--- DATASET ---

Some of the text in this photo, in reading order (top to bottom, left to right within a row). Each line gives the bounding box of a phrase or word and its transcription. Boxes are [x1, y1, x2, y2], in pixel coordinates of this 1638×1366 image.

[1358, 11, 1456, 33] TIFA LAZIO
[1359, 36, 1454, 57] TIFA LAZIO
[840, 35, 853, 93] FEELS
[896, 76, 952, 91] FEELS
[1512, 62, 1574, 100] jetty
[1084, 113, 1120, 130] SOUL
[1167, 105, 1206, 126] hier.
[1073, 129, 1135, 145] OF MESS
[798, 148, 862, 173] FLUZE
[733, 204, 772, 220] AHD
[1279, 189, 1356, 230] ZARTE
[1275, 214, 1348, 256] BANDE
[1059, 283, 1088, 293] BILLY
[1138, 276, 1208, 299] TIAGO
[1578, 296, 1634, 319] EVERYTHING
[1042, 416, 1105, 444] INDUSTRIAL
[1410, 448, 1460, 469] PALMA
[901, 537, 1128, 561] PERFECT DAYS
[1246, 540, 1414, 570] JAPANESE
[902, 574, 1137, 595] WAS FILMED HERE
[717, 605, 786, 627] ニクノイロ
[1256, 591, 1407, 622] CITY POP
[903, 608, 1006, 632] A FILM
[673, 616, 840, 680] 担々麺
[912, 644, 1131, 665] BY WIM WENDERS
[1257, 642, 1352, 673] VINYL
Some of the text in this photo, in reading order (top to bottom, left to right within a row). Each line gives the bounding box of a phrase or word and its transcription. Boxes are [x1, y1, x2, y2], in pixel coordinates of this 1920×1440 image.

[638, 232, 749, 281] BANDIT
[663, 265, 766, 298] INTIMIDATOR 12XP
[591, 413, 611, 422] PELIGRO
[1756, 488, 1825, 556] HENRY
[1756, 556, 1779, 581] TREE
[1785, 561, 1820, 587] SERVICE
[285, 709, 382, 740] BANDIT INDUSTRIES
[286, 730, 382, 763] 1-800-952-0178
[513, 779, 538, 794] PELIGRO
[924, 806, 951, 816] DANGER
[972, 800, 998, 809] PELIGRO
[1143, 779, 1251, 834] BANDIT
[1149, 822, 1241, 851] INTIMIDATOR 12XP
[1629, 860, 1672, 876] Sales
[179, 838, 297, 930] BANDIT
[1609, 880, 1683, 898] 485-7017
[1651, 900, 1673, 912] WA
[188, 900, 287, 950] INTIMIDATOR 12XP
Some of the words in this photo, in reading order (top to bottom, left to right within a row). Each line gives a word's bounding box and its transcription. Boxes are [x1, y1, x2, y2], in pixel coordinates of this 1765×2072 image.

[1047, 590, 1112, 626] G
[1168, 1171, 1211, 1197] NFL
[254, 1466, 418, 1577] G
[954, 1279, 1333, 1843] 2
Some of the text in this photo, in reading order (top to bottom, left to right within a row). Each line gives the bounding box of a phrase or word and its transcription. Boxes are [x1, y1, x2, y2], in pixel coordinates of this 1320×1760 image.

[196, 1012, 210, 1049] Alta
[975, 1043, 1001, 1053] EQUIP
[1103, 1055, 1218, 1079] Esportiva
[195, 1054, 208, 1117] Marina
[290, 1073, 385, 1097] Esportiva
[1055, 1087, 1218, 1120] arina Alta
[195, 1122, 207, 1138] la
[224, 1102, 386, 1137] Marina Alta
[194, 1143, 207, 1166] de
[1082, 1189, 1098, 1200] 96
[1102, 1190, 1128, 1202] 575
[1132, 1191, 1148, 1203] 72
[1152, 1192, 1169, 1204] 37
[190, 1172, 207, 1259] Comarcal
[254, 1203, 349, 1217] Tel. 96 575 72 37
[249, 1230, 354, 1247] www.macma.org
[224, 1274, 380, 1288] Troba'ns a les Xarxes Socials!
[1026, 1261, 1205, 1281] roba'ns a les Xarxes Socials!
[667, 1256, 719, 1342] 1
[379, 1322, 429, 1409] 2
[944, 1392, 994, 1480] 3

---

### PROBLEM DESCRIPTION
Repeat every entry exactly, please.

### EXPECTED OUTPUT
Some of the text in this photo, in reading order (top to bottom, left to right within a row). Each line gives the bounding box of a phrase or word and its transcription. Boxes are [x1, y1, x2, y2], in pixel coordinates of this 1638×1366 image.

[1358, 11, 1456, 33] TIFA LAZIO
[1359, 36, 1454, 57] TIFA LAZIO
[840, 35, 853, 93] FEELS
[896, 76, 952, 91] FEELS
[1512, 62, 1574, 100] jetty
[1084, 113, 1120, 130] SOUL
[1167, 105, 1206, 126] hier.
[1073, 129, 1135, 145] OF MESS
[798, 148, 862, 173] FLUZE
[733, 204, 772, 220] AHD
[1279, 189, 1356, 230] ZARTE
[1275, 214, 1348, 256] BANDE
[1059, 283, 1088, 293] BILLY
[1138, 276, 1208, 299] TIAGO
[1578, 296, 1634, 319] EVERYTHING
[1042, 416, 1105, 444] INDUSTRIAL
[1410, 448, 1460, 469] PALMA
[901, 537, 1128, 561] PERFECT DAYS
[1246, 540, 1414, 570] JAPANESE
[902, 574, 1137, 595] WAS FILMED HERE
[717, 605, 786, 627] ニクノイロ
[1256, 591, 1407, 622] CITY POP
[903, 608, 1006, 632] A FILM
[673, 616, 840, 680] 担々麺
[912, 644, 1131, 665] BY WIM WENDERS
[1257, 642, 1352, 673] VINYL
Some of the text in this photo, in reading order (top to bottom, left to right within a row). Each line gives the bounding box of a phrase or word and its transcription. Boxes are [x1, y1, x2, y2], in pixel coordinates of this 1920×1440 image.

[638, 232, 749, 281] BANDIT
[663, 265, 766, 298] INTIMIDATOR 12XP
[591, 413, 611, 422] PELIGRO
[1756, 488, 1825, 556] HENRY
[1756, 556, 1779, 581] TREE
[1785, 561, 1820, 587] SERVICE
[285, 709, 382, 740] BANDIT INDUSTRIES
[286, 730, 382, 763] 1-800-952-0178
[513, 779, 538, 794] PELIGRO
[924, 806, 951, 816] DANGER
[972, 800, 998, 809] PELIGRO
[1143, 779, 1251, 834] BANDIT
[1149, 822, 1241, 851] INTIMIDATOR 12XP
[1629, 860, 1672, 876] Sales
[179, 838, 297, 930] BANDIT
[1609, 880, 1683, 898] 485-7017
[1651, 900, 1673, 912] WA
[188, 900, 287, 950] INTIMIDATOR 12XP
Some of the words in this photo, in reading order (top to bottom, left to right within a row). Each line gives a word's bounding box and its transcription. Boxes are [x1, y1, x2, y2], in pixel coordinates of this 1765×2072 image.

[1047, 590, 1112, 626] G
[1168, 1171, 1211, 1197] NFL
[254, 1466, 418, 1577] G
[954, 1279, 1333, 1843] 2
Some of the text in this photo, in reading order (top to bottom, left to right within a row). Each line gives the bounding box of a phrase or word and its transcription. Boxes are [x1, y1, x2, y2], in pixel coordinates of this 1320×1760 image.

[196, 1012, 210, 1049] Alta
[975, 1043, 1001, 1053] EQUIP
[1103, 1055, 1218, 1079] Esportiva
[195, 1054, 208, 1117] Marina
[290, 1073, 385, 1097] Esportiva
[1055, 1087, 1218, 1120] arina Alta
[195, 1122, 207, 1138] la
[224, 1102, 386, 1137] Marina Alta
[194, 1143, 207, 1166] de
[1082, 1189, 1098, 1200] 96
[1102, 1190, 1128, 1202] 575
[1132, 1191, 1148, 1203] 72
[1152, 1192, 1169, 1204] 37
[190, 1172, 207, 1259] Comarcal
[254, 1203, 349, 1217] Tel. 96 575 72 37
[249, 1230, 354, 1247] www.macma.org
[224, 1274, 380, 1288] Troba'ns a les Xarxes Socials!
[1026, 1261, 1205, 1281] roba'ns a les Xarxes Socials!
[667, 1256, 719, 1342] 1
[379, 1322, 429, 1409] 2
[944, 1392, 994, 1480] 3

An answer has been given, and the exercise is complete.